A ministry spokesperson said “further direction” on allowing social outings for fully vaccinated residents would be issued after the province’s stay-at-home order – recently extended to June 2 – lifts.

Advocates argue, however, that the policy needs to be reconsidered now. 

Vivian Stamatopoulos, an associate professor at Ontario Tech University specializing in family caregiving, said the recent rule changes following the scathing report from the Long-Term Care Commission amount to public-relations spin. 

Visitor policies have barely changed since last fall, Stamatopoulos argued, despite high vaccination rates that would allow for safe outdoor visits, where experts agree that risk of COVID-19 transmission is far lower if proper distancing precautions are taken. 
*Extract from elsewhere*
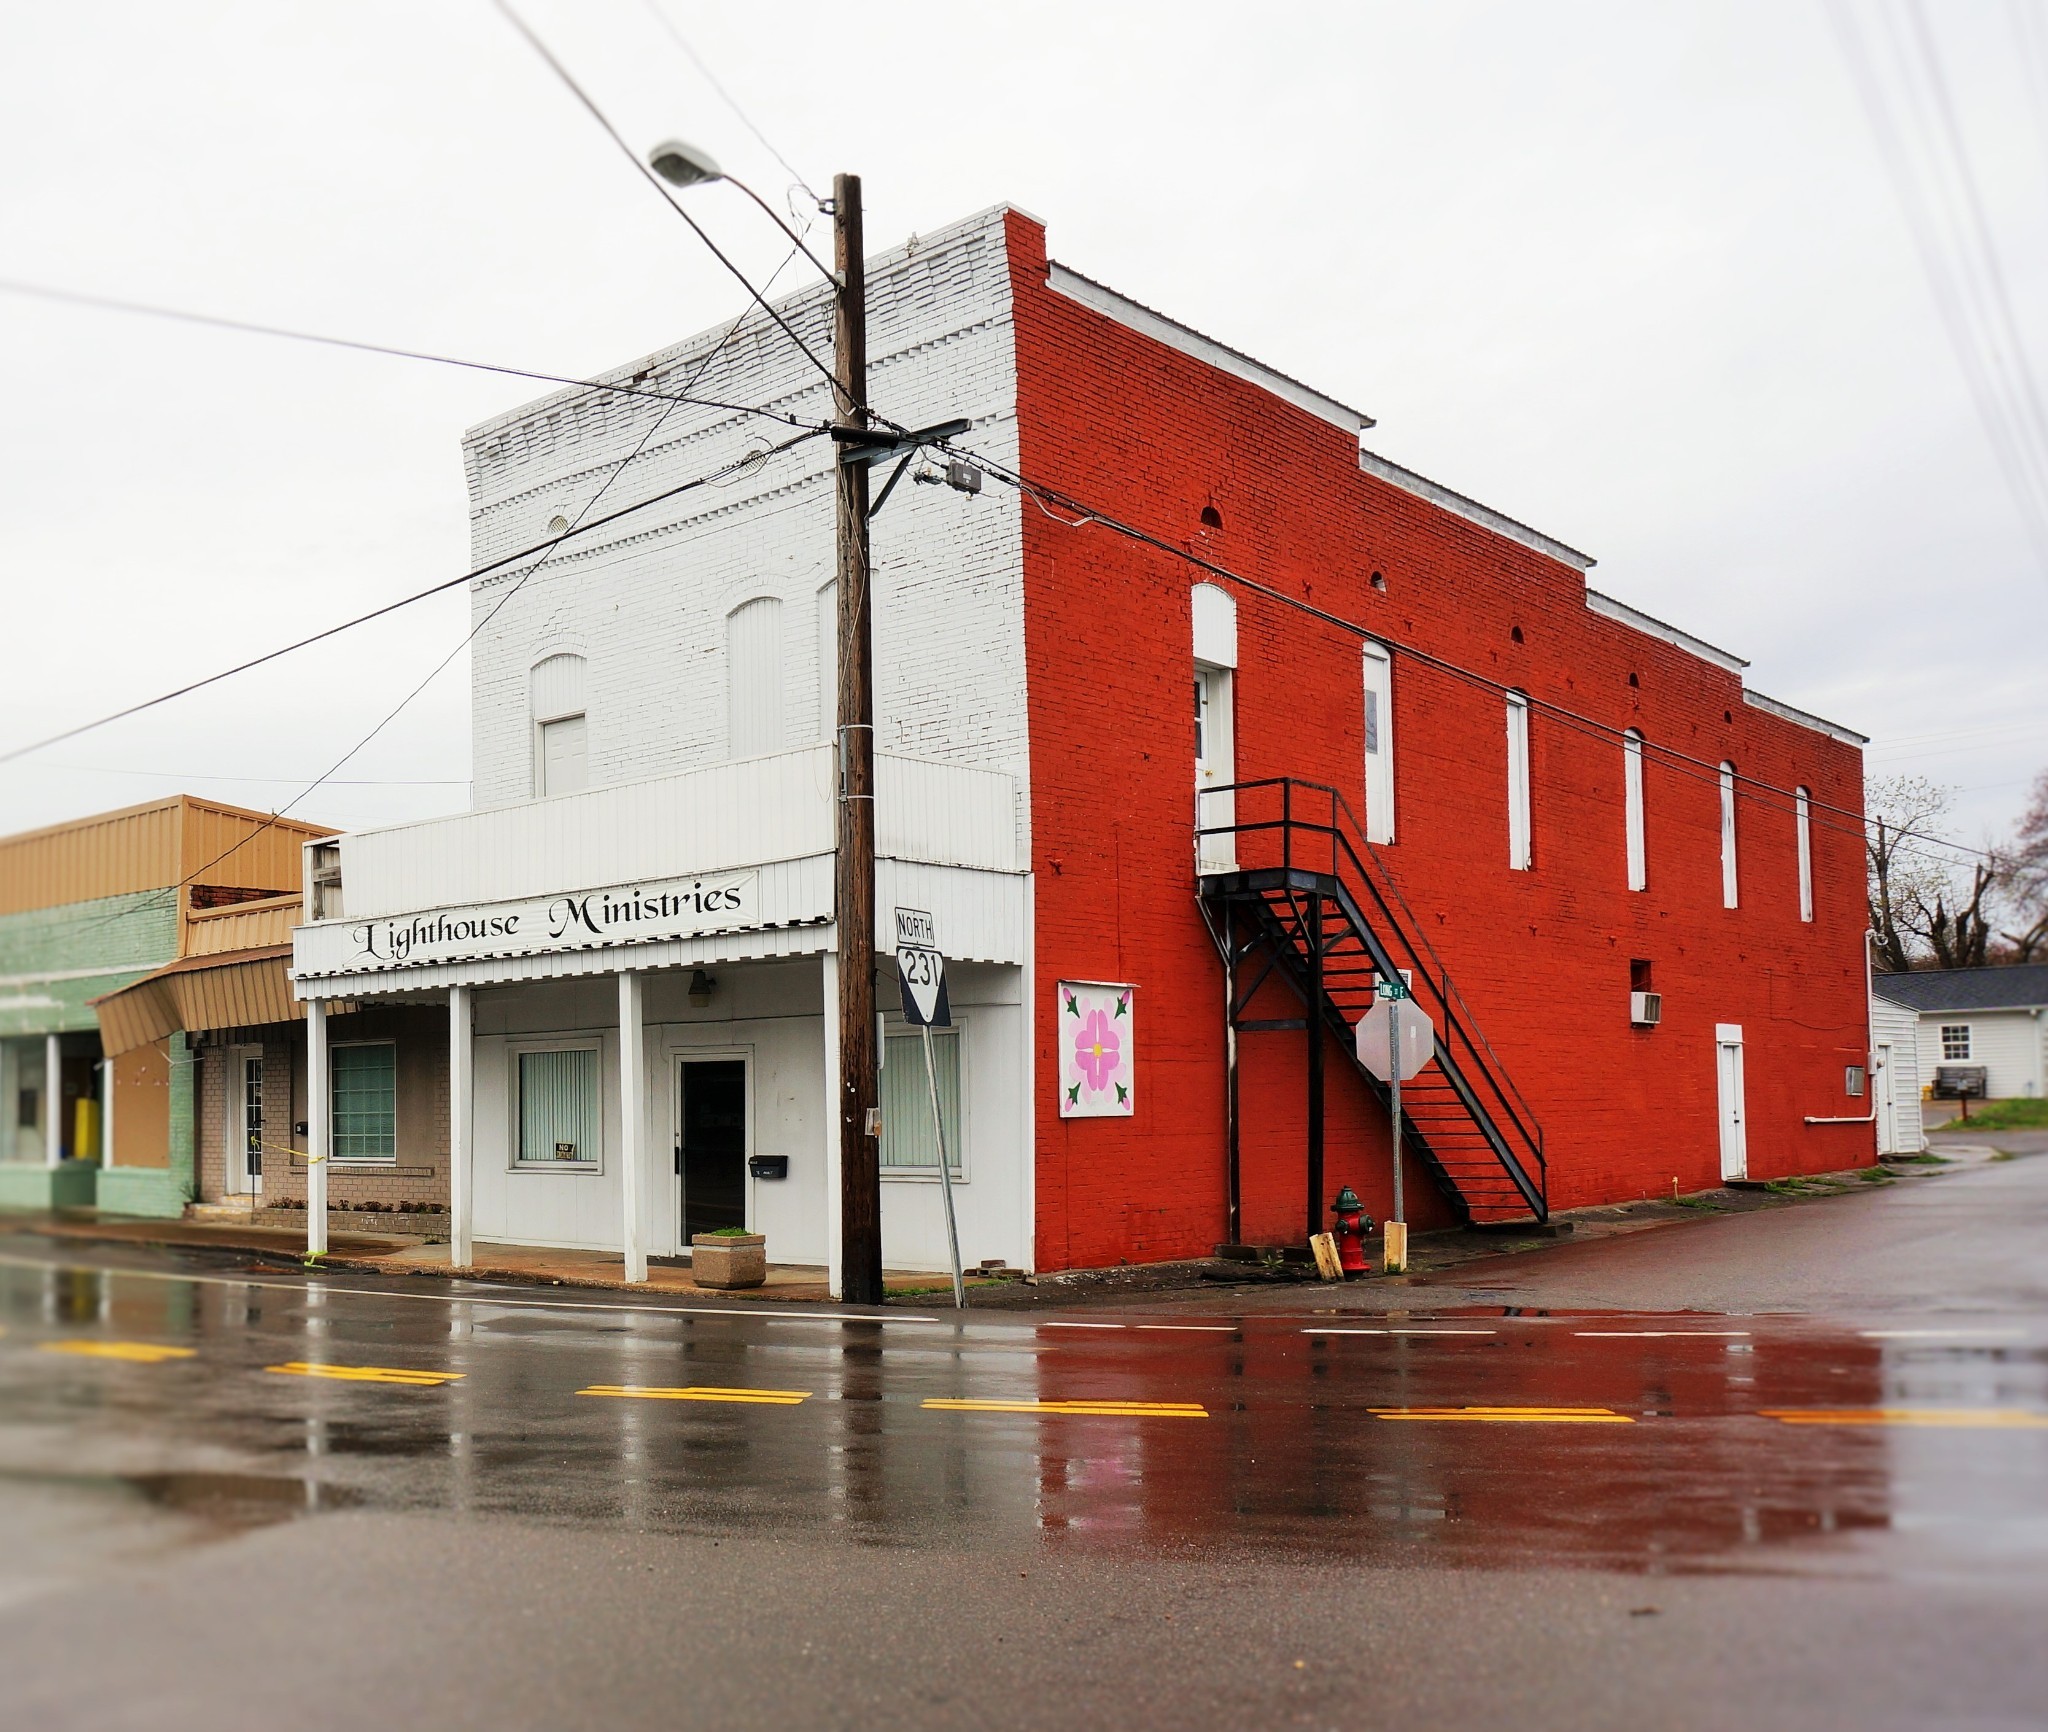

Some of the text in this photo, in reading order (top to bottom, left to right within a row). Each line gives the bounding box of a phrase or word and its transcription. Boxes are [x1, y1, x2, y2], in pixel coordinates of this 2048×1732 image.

“This is ludicrous at this point,” Stamatopoulos said. 

The delay in updating the policy extends the burden on some family members who’ve qualified as caregivers and are allowed into the homes, while also prolonging the suffering of residents who’ve been separated from loved ones for a year, she said. 

“It’s just cruel not to let them come down and actually spend a little bit of time outside with their loved ones, with their grandchildren, with their nieces and nephews,” she said.

Hladkowicz said she has watched her father decline cognitively in long-term care during the pandemic, and the family is unsure whether he is being taken outdoors. She’d like policies to change to allow more relatives to visit, and to see the number of essential caregivers allowed for a resident be bumped up from two.

Other families have been fighting to allow their relatives to leave facilities that are still under outbreak protocols due to a continuing trickle of staff cases. 

Jennifer Couperthwaite’s grandmother lives in a publicly-funded York Region facility that has been in outbreak since March, mostly due to COVID-19 cases among staff. There aren’t cases on her grandmother’s floor, but Couperthwaite said she’s still unable to go outdoors. 

Couperthwaite brings her young son by to wave at his great-grandmother through her second-floor window. Otherwise, she’s been limited to virtual calls, where Couperthwaite said it’s been difficult to see her grandmother decline. 

“We’re losing her, and it’s just been hard to accept that,” she said. “We could have been reunited with her by now.”

Couperthwaite would like to see policies reflect high vaccination rates among residents. Until then, she said she’s dreaming of the day she can sit outside for a distanced lunch and afternoon chat with her grandmother.

“Even just to sit six feet apart and bring her a tea. I just want that, it’s nothing much,” she said. “I just want it to not be through plexiglass or a window.”